### WHAT THIS TASK INVOLVES:
Nothing but the lines from the one with "Some of the text" through the final line of the entries below should be written out, each exactly as given.

### DATASET EXCERPTS:
┄┄┄┄┄┄┄┄┄┄
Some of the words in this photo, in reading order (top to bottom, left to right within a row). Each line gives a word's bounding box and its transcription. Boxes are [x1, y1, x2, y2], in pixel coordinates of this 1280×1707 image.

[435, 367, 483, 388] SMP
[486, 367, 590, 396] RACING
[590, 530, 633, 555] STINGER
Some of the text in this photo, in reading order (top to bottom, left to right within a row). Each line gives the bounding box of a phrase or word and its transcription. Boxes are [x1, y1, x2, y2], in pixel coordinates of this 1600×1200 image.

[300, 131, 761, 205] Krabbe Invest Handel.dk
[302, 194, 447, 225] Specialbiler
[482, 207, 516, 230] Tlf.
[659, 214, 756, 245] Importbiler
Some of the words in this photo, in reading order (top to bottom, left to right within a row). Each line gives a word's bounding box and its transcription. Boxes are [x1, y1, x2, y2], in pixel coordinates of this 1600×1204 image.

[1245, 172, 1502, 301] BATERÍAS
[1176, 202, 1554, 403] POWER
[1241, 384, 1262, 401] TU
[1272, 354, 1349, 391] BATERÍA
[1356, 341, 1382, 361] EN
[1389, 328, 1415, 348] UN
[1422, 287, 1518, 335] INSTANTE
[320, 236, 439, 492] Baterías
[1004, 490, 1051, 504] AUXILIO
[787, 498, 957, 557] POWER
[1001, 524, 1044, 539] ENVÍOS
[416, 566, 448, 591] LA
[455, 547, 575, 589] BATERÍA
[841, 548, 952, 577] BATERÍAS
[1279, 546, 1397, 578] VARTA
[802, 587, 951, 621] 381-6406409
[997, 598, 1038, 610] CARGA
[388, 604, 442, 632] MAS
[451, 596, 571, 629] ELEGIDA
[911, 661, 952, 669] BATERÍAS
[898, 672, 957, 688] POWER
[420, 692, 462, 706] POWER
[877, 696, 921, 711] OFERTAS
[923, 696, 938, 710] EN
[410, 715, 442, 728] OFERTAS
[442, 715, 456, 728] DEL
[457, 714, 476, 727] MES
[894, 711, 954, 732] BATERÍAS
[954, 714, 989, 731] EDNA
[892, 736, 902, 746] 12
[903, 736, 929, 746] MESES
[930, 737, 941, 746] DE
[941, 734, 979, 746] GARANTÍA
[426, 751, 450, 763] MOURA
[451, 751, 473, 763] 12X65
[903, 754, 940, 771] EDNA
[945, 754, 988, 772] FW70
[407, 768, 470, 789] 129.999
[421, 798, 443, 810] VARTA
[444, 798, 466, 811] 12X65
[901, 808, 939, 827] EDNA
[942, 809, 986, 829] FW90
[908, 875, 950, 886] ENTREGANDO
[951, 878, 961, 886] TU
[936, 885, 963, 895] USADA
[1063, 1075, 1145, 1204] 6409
┄┄┄┄┄┄┄┄┄┄
### EXPECTED OUTPUT:
Some of the text in this photo, in reading order (top to bottom, left to right within a row). Each line gives the bounding box of a phrase or word and its transcription. Boxes are [x1, y1, x2, y2], in pixel coordinates of this 1600×1200 image.

[300, 131, 761, 205] Krabbe Invest Handel.dk
[302, 194, 447, 225] Specialbiler
[482, 207, 516, 230] Tlf.
[659, 214, 756, 245] Importbiler
Some of the words in this photo, in reading order (top to bottom, left to right within a row). Each line gives a word's bounding box and its transcription. Boxes are [x1, y1, x2, y2], in pixel coordinates of this 1600×1204 image.

[1245, 172, 1502, 301] BATERÍAS
[1176, 202, 1554, 403] POWER
[1241, 384, 1262, 401] TU
[1272, 354, 1349, 391] BATERÍA
[1356, 341, 1382, 361] EN
[1389, 328, 1415, 348] UN
[1422, 287, 1518, 335] INSTANTE
[320, 236, 439, 492] Baterías
[1004, 490, 1051, 504] AUXILIO
[787, 498, 957, 557] POWER
[1001, 524, 1044, 539] ENVÍOS
[416, 566, 448, 591] LA
[455, 547, 575, 589] BATERÍA
[841, 548, 952, 577] BATERÍAS
[1279, 546, 1397, 578] VARTA
[802, 587, 951, 621] 381-6406409
[997, 598, 1038, 610] CARGA
[388, 604, 442, 632] MAS
[451, 596, 571, 629] ELEGIDA
[911, 661, 952, 669] BATERÍAS
[898, 672, 957, 688] POWER
[420, 692, 462, 706] POWER
[877, 696, 921, 711] OFERTAS
[923, 696, 938, 710] EN
[410, 715, 442, 728] OFERTAS
[442, 715, 456, 728] DEL
[457, 714, 476, 727] MES
[894, 711, 954, 732] BATERÍAS
[954, 714, 989, 731] EDNA
[892, 736, 902, 746] 12
[903, 736, 929, 746] MESES
[930, 737, 941, 746] DE
[941, 734, 979, 746] GARANTÍA
[426, 751, 450, 763] MOURA
[451, 751, 473, 763] 12X65
[903, 754, 940, 771] EDNA
[945, 754, 988, 772] FW70
[407, 768, 470, 789] 129.999
[421, 798, 443, 810] VARTA
[444, 798, 466, 811] 12X65
[901, 808, 939, 827] EDNA
[942, 809, 986, 829] FW90
[908, 875, 950, 886] ENTREGANDO
[951, 878, 961, 886] TU
[936, 885, 963, 895] USADA
[1063, 1075, 1145, 1204] 6409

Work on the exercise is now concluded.